Every entry must be output exactly as it was written.

▶ PROVIDED ENTRIES:
--------------------------------

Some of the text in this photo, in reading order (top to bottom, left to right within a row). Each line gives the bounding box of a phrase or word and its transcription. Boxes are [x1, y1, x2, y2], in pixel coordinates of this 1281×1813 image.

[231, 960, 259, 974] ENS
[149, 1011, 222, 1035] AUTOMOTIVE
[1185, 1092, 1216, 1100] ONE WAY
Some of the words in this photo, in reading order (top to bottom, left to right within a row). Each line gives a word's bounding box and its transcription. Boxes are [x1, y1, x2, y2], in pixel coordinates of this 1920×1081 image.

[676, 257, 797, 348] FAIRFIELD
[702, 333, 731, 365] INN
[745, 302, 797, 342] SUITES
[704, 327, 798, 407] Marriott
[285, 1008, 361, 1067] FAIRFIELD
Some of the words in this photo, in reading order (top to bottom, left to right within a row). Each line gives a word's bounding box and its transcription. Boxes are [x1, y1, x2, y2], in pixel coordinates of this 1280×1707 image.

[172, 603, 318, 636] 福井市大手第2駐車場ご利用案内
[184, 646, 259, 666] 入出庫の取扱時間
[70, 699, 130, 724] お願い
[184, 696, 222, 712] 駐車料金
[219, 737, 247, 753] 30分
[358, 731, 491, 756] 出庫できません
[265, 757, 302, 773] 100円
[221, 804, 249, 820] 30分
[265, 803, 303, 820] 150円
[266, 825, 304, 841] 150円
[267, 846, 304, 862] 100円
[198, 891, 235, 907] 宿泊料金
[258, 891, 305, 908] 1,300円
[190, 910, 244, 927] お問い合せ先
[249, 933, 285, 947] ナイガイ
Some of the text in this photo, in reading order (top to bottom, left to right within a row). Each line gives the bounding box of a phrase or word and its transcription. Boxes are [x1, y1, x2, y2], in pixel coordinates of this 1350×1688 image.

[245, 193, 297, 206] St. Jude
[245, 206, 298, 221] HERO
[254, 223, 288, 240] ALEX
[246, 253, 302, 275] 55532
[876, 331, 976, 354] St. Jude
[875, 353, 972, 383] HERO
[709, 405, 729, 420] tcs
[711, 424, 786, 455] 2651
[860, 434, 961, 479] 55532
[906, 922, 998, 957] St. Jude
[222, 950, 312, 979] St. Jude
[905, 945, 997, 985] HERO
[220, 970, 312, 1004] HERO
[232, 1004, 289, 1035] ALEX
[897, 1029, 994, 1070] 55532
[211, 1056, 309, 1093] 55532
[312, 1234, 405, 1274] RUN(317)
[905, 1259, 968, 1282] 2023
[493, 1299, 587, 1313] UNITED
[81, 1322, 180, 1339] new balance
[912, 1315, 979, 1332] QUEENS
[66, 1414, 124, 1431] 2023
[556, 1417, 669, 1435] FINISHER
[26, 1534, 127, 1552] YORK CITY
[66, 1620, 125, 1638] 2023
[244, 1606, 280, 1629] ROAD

--------------------------------

▶ WRITTEN SOLUTION:
Some of the text in this photo, in reading order (top to bottom, left to right within a row). Each line gives the bounding box of a phrase or word and its transcription. Boxes are [x1, y1, x2, y2], in pixel coordinates of this 1281×1813 image.

[231, 960, 259, 974] ENS
[149, 1011, 222, 1035] AUTOMOTIVE
[1185, 1092, 1216, 1100] ONE WAY
Some of the words in this photo, in reading order (top to bottom, left to right within a row). Each line gives a word's bounding box and its transcription. Boxes are [x1, y1, x2, y2], in pixel coordinates of this 1920×1081 image.

[676, 257, 797, 348] FAIRFIELD
[702, 333, 731, 365] INN
[745, 302, 797, 342] SUITES
[704, 327, 798, 407] Marriott
[285, 1008, 361, 1067] FAIRFIELD
Some of the words in this photo, in reading order (top to bottom, left to right within a row). Each line gives a word's bounding box and its transcription. Boxes are [x1, y1, x2, y2], in pixel coordinates of this 1280×1707 image.

[172, 603, 318, 636] 福井市大手第2駐車場ご利用案内
[184, 646, 259, 666] 入出庫の取扱時間
[70, 699, 130, 724] お願い
[184, 696, 222, 712] 駐車料金
[219, 737, 247, 753] 30分
[358, 731, 491, 756] 出庫できません
[265, 757, 302, 773] 100円
[221, 804, 249, 820] 30分
[265, 803, 303, 820] 150円
[266, 825, 304, 841] 150円
[267, 846, 304, 862] 100円
[198, 891, 235, 907] 宿泊料金
[258, 891, 305, 908] 1,300円
[190, 910, 244, 927] お問い合せ先
[249, 933, 285, 947] ナイガイ
Some of the text in this photo, in reading order (top to bottom, left to right within a row). Each line gives the bounding box of a phrase or word and its transcription. Boxes are [x1, y1, x2, y2], in pixel coordinates of this 1350×1688 image.

[245, 193, 297, 206] St. Jude
[245, 206, 298, 221] HERO
[254, 223, 288, 240] ALEX
[246, 253, 302, 275] 55532
[876, 331, 976, 354] St. Jude
[875, 353, 972, 383] HERO
[709, 405, 729, 420] tcs
[711, 424, 786, 455] 2651
[860, 434, 961, 479] 55532
[906, 922, 998, 957] St. Jude
[222, 950, 312, 979] St. Jude
[905, 945, 997, 985] HERO
[220, 970, 312, 1004] HERO
[232, 1004, 289, 1035] ALEX
[897, 1029, 994, 1070] 55532
[211, 1056, 309, 1093] 55532
[312, 1234, 405, 1274] RUN(317)
[905, 1259, 968, 1282] 2023
[493, 1299, 587, 1313] UNITED
[81, 1322, 180, 1339] new balance
[912, 1315, 979, 1332] QUEENS
[66, 1414, 124, 1431] 2023
[556, 1417, 669, 1435] FINISHER
[26, 1534, 127, 1552] YORK CITY
[66, 1620, 125, 1638] 2023
[244, 1606, 280, 1629] ROAD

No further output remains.